Talvez a melhor síntese seja a de Silvia para Raúl, que marchando em La Serena carregava um sinal com sua mensagem para sua neta Valentina (talvez seja uma piscadela de história, como a música de ‘La Parra’, ‘Ajuda-me Valentina’ em que disseram ‘Isso é o que fazemos para que você tenha um país com oportunidades para todos. Para que você possa estudar sem empréstimos, para ter uma saúde de qualidade e uma pensão decente na velhice, para que aqueles que estão acima não possam roubá-lo ou esmagá-lo. Nós … isso não importa. Já perdemos nossa oportunidade, os de sempre nos tiraram tudo e os outros nos traíram e nunca nos alegraram, destruíram nossa esperança… mas não tiraram nossa dignidade e o desejo de lutar por um país melhor para você. Damos-lhe o exemplo de sempre lutando por seus direitos, sempre de pé, nunca de joelhos! Seus avós, Silvia e Raúl. La Serena 21/10/19… em estado de emergência’.

Em suma, é o protesto daqueles que habitam as casas das favelas e do meio, que querem um país para todos.

E qual é a resposta do governo?

Declare que ‘estamos em guerra’, de acordo com o presidente Piñera. Declare esse estado de exceção e toque de recolher. Reprimir Pare ilegalmente. Seqüestro Violar os direitos humanos. Assassinato.

Há quatro décadas, eles mantêm sua política econômica com violência, agindo fora da lei e apoiados por quem desfruta de benefícios especiais, as Forças Armadas e a Polícia.

É claro que o Chile não é o oásis anunciado por Piñera, e também é claro que o problema não é apenas o aumento da passagem do metrô. O problema é que, como Isabel Parra cantou, o Chile limita o centro da injustiça.

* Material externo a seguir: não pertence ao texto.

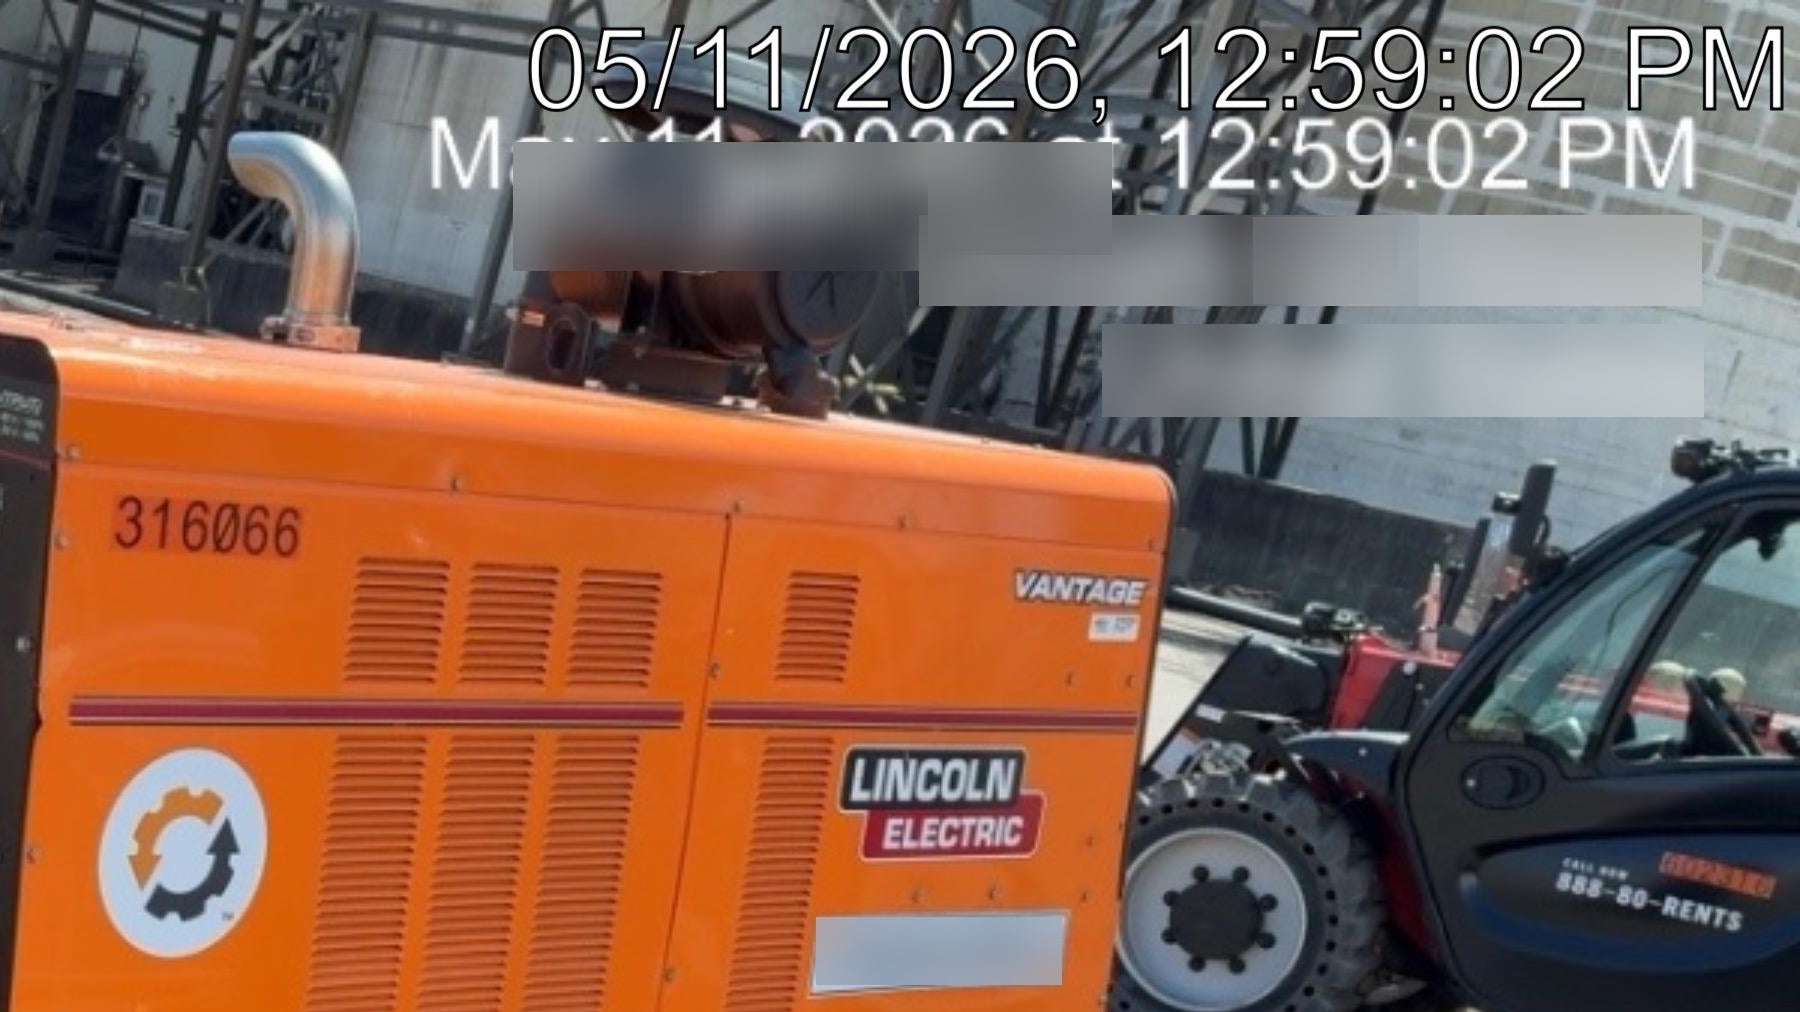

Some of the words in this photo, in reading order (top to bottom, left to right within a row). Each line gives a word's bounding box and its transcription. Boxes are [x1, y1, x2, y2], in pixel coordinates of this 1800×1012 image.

[1014, 569, 1148, 607] VANTAGE
[850, 756, 1017, 803] LINCOLN
[881, 815, 1025, 851] ELECTRIC
[1555, 871, 1744, 932] 888-80-RENTS
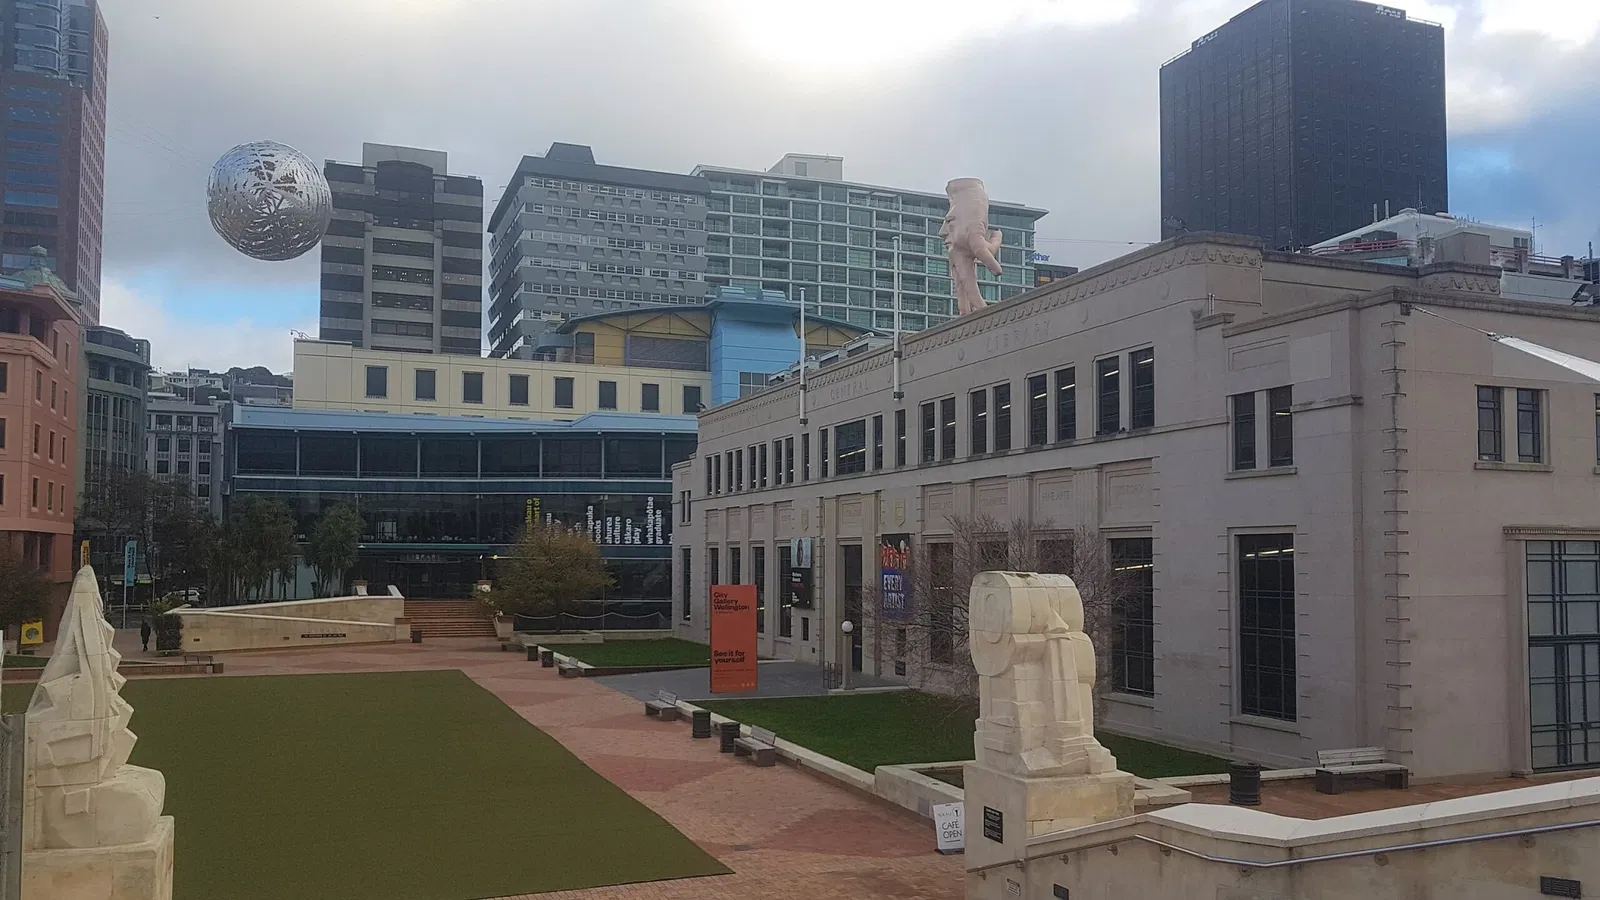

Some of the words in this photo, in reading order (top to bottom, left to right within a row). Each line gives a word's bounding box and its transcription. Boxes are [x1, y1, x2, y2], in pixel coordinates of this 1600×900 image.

As causas são muito mais profundas e sustentadas por um sistema constitucional que, paradoxalmente, é o produto de uma ditadura militar que, quase 30 anos após sua conclusão, ainda esconde sua sombra sobre o Chile.

Hoje, no Chile, o que está em discussão é o Chile que vem, o Chile do futuro. E que o Chile deve ser um que inclua todos os seus cidadãos e não apenas um modelo para poucos.

Muitos manifestantes exigiram a renúncia de Piñera nas manifestações, mas não é só isso, não é apenas o que é deixado para trás, é fundamentalmente o que se avança, porque, como Inti Illimani cantou na campanha eleitoral que levaria à Presidência Salvador Allende, ‘Como desta vez não se trata de mudar um presidente, serão as pessoas que construirão um Chile muito diferente’.